Find minimum (reference program)

JavaScript
function findMin(arr) {
  let minVal = arr[0];

  for (let i = 1; i < arr.length; i++) {
    if (arr[i] < minVal) {
      minVal = arr[i];
    }
  }

  return minVal;
}

const array = [12, 5, 7, 3, 2, 8, 10];
const minValue = findMin(array);

console.log("Minimum value in the array: " + minValue);
Try it Yourself
2

When every element is negative

JavaScript
function findMin(arr) {
  let minVal = arr[0];

  for (let i = 1; i < arr.length; i++) {
    if (arr[i] < minVal) {
      minVal = arr[i];
    }
  }

  return minVal;
}

const negatives = [-9, -3, -1, -7];
console.log("Minimum (most negative): " + findMin(negatives));
Try it Yourself

Notes

Parallel idea. Split large arrays into chunks, find each chunk minimum, then take minimum of partial results.

Data type. The same algorithm works for integers or floats; comparison edge cases can appear with values like NaN.

❓ FAQ

It is the smallest value in the list. For signed numbers, that can be the most negative value.
You need a first candidate from real data. Then every next element can replace that candidate if it is smaller.
There is no minimum for an empty array. Validate length first and return null/throw an error in production code.
Yes. The same comparison arr[i] < minVal correctly picks the most negative value when all numbers are negative.
No. Sorting does more work than necessary. A single scan is enough to get only the minimum.
One pass over n items gives O(n) time and O(1) extra space.

🔄 Input / output

These examples use fixed arrays. In real tasks, read values from form inputs, APIs, or files, then pass them to findMin.

Edge cases

Empty

arr.length === 0

No minimum exists; guard before reading arr[0].

One element

arr.length === 1

The loop body does not run; the single element is the minimum.
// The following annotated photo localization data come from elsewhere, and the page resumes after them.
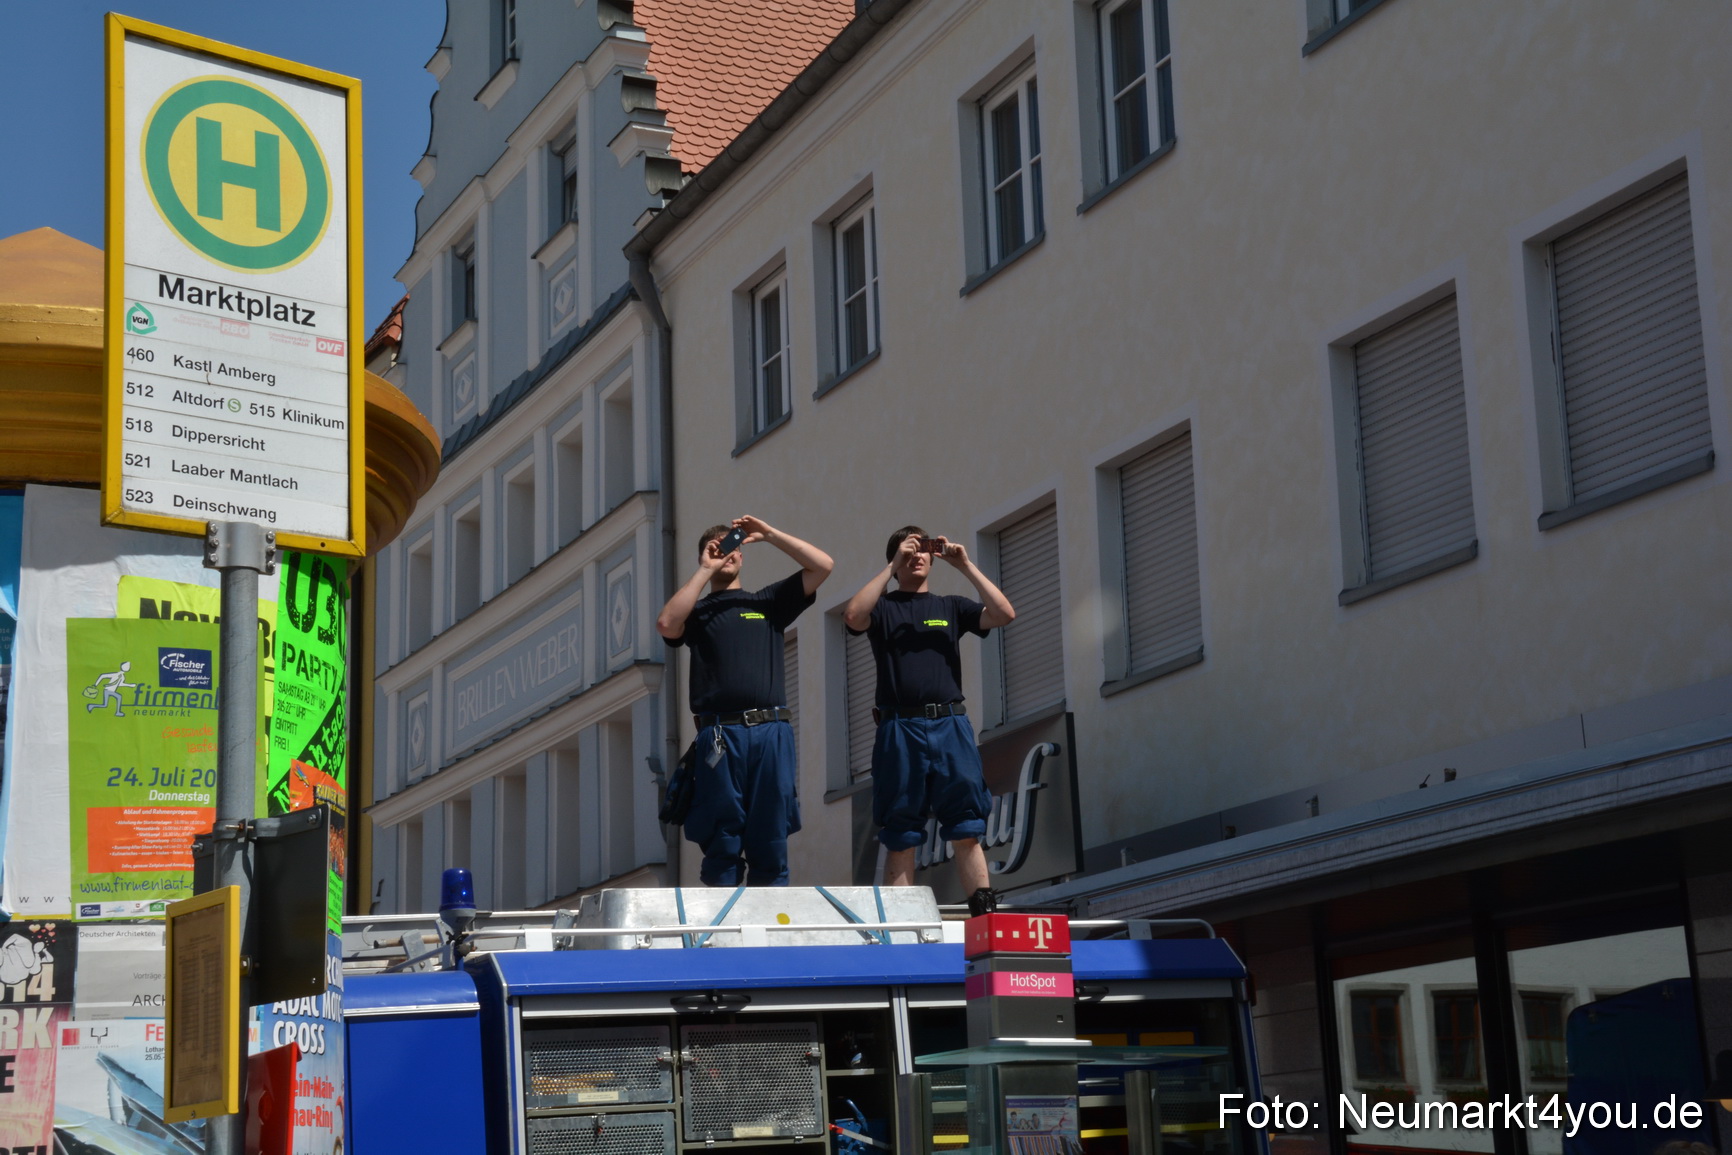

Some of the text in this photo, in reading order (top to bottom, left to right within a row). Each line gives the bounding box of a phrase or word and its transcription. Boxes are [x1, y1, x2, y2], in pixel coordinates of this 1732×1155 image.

[196, 116, 281, 232] H
[158, 274, 316, 327] Marktplatz
[132, 315, 149, 326] VGN
[317, 340, 342, 354] OVF
[126, 347, 276, 387] 460 Kastl Amberg
[126, 382, 154, 398] 512
[172, 390, 224, 410] Altdorf
[249, 403, 276, 418] 515
[282, 408, 345, 430] Klinikum
[125, 417, 266, 451] 518 Dippersricht
[125, 453, 298, 490] 521 Laaber Mantlach
[125, 489, 277, 523] 523 Deinschwang
[169, 659, 205, 670] Fischer
[281, 641, 338, 695] PARTY
[457, 623, 579, 731] BRILLEN WEBER
[134, 683, 219, 709] firmenl
[134, 708, 191, 717] neumarkt
[107, 767, 217, 788] 24. Juli 20
[149, 789, 210, 805] Donnerstag
[116, 930, 156, 938] Architekten
[1028, 917, 1053, 949] T
[133, 972, 162, 981] Vorträge
[1010, 973, 1056, 990] HotSpot
[272, 1020, 325, 1056] CROSS
[294, 1104, 333, 1134] nau-Ring
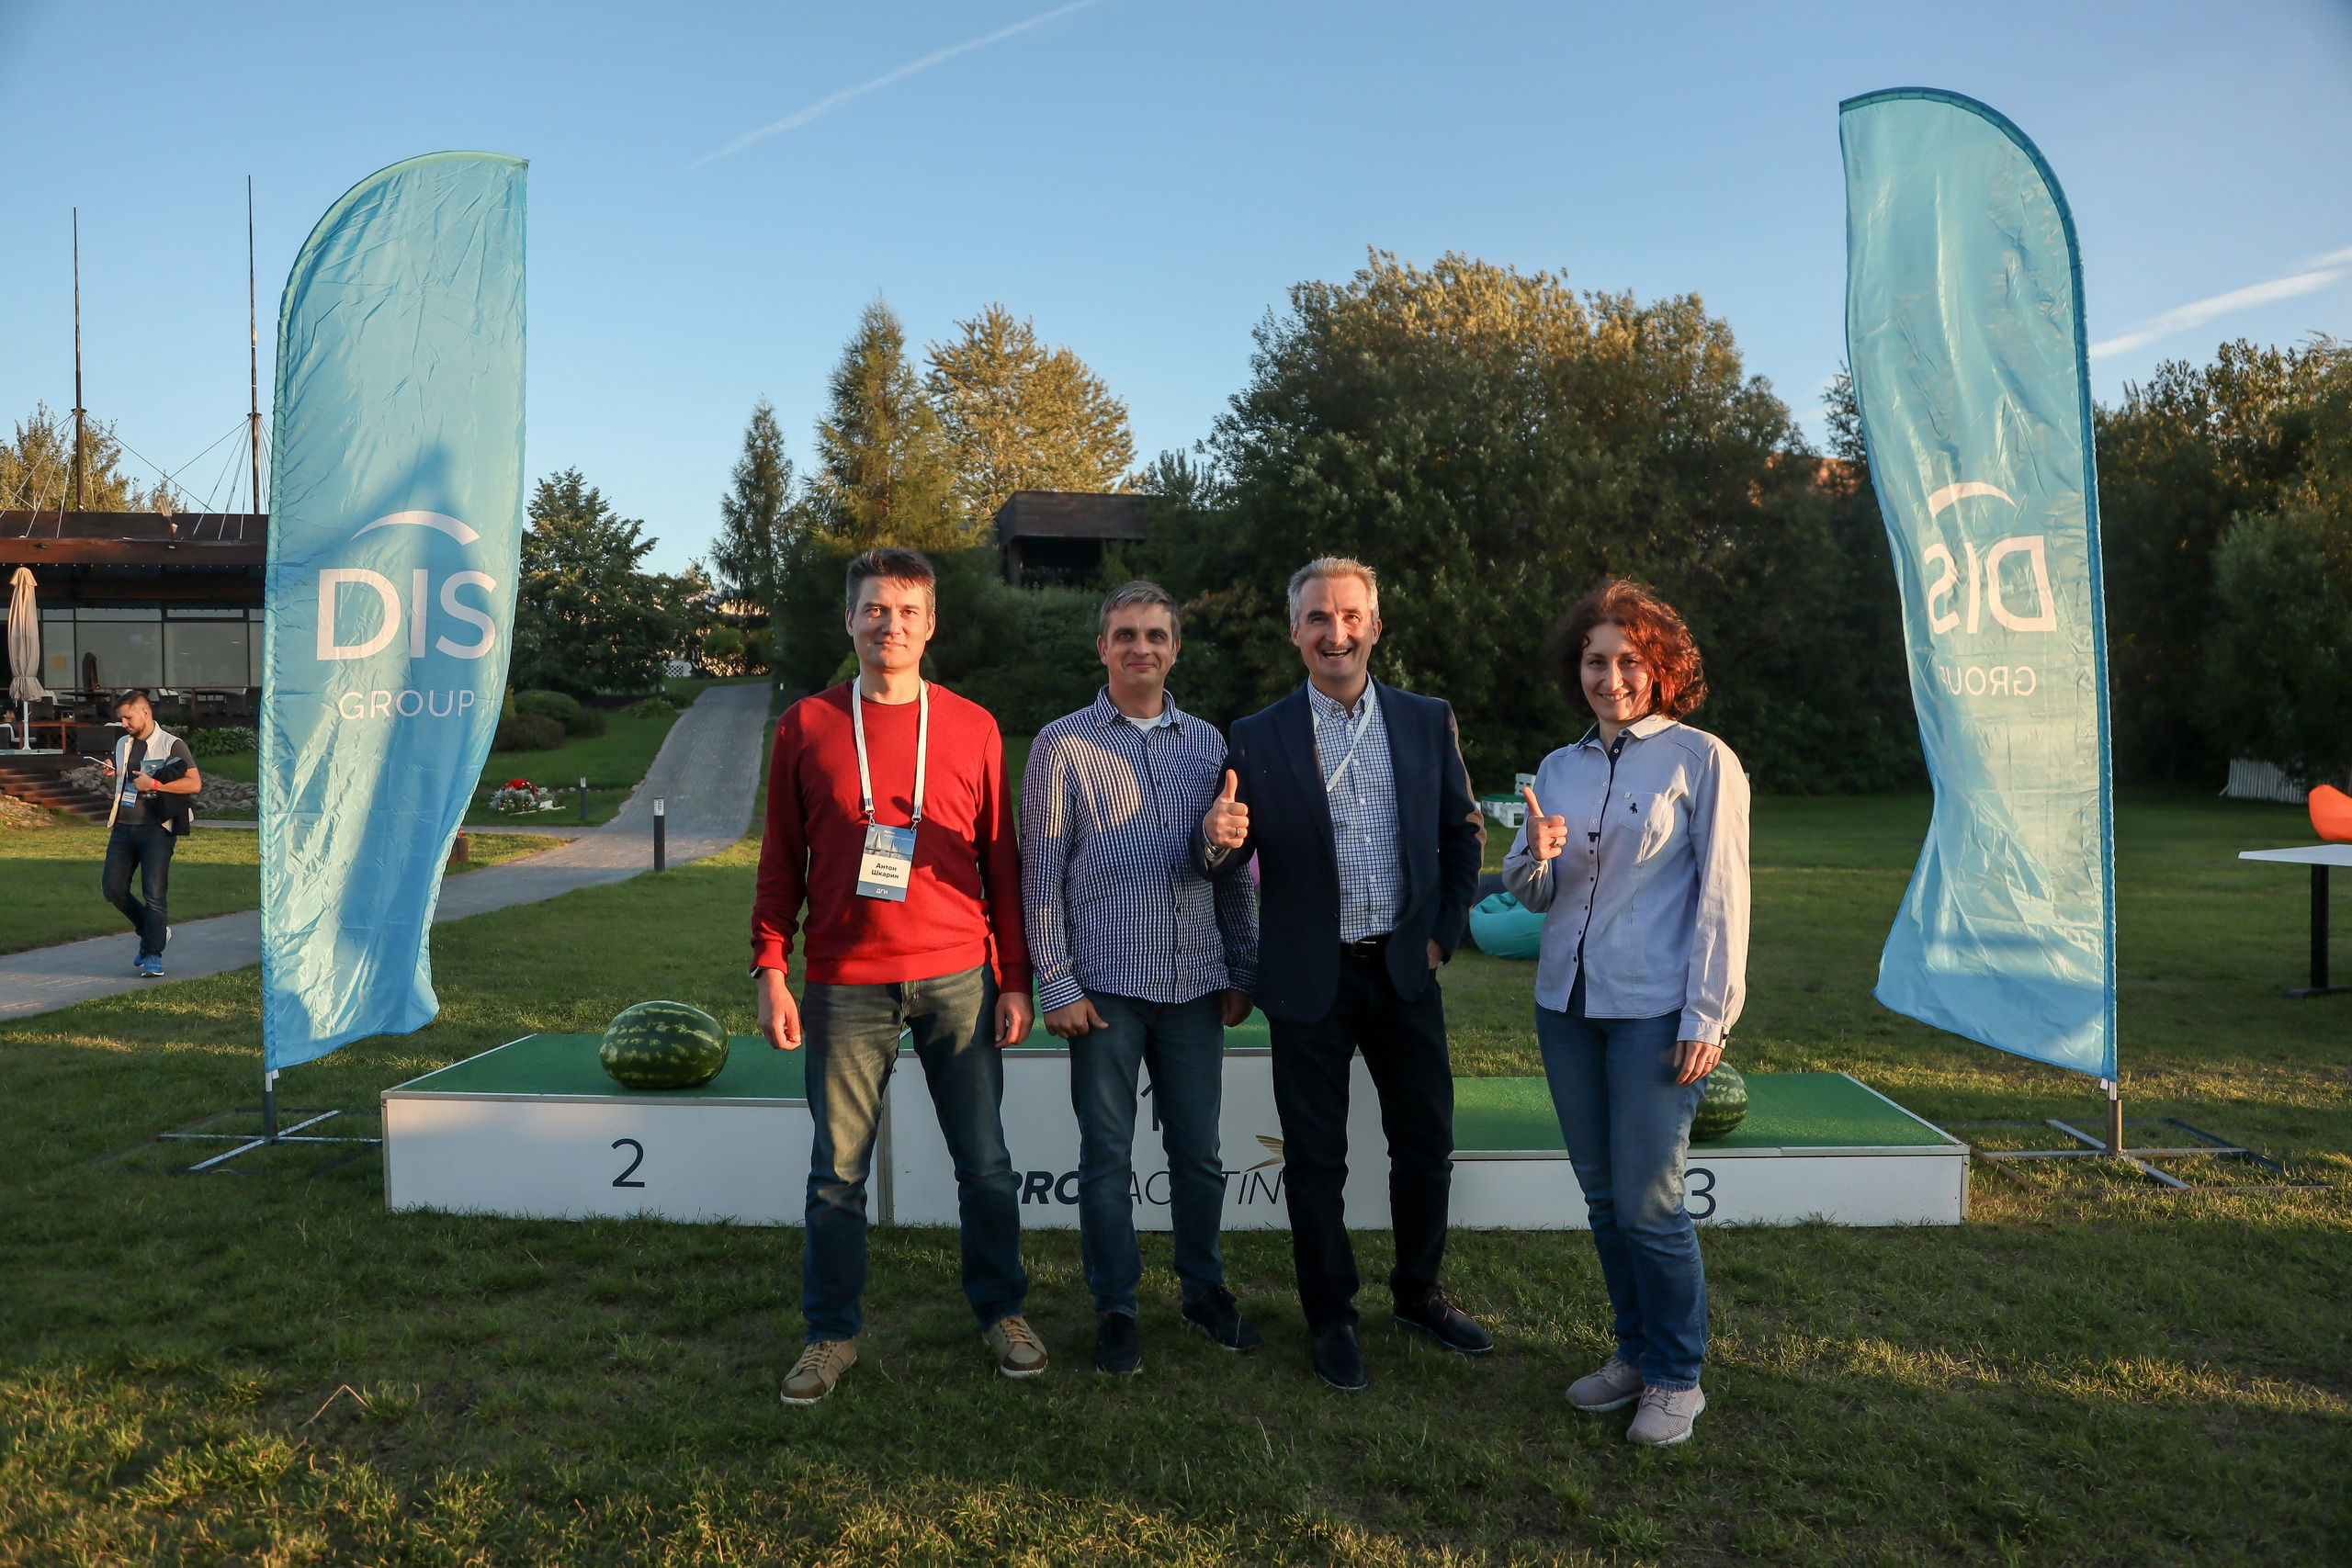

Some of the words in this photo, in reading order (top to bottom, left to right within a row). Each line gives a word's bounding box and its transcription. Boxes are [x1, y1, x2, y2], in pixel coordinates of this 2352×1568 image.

[317, 568, 497, 661] DIS
[338, 689, 476, 720] GROUP
[871, 869, 899, 879] Шкарин
[876, 863, 898, 872] Антон
[1140, 1082, 1160, 1132] 1
[611, 1137, 645, 1188] 2
[1683, 1167, 1716, 1220] 3
⏱️ Time and space complexity

ApproachTimeExtra space
Single scanO(n)O(1)

Summary

  • Algorithm: running minimum from left to right.
  • Cost: O(n) time, O(1) extra space.
  • Edge: define behavior for empty arrays before calling findMin.
Did you know?

Finding the minimum in an unsorted list still needs only one left-to-right pass: O(n) time and O(1) extra space.

About the author

Mari Selvan M P
Mari Selvan M P 🔗

Developer, cloud engineer, and technical writer

  • Experience 12 years building web and cloud systems
  • Focus Full Stack Development, AWS, and Developer Education

I write practical tutorials so students and working developers can learn by doing—from databases and APIs to deployment on AWS.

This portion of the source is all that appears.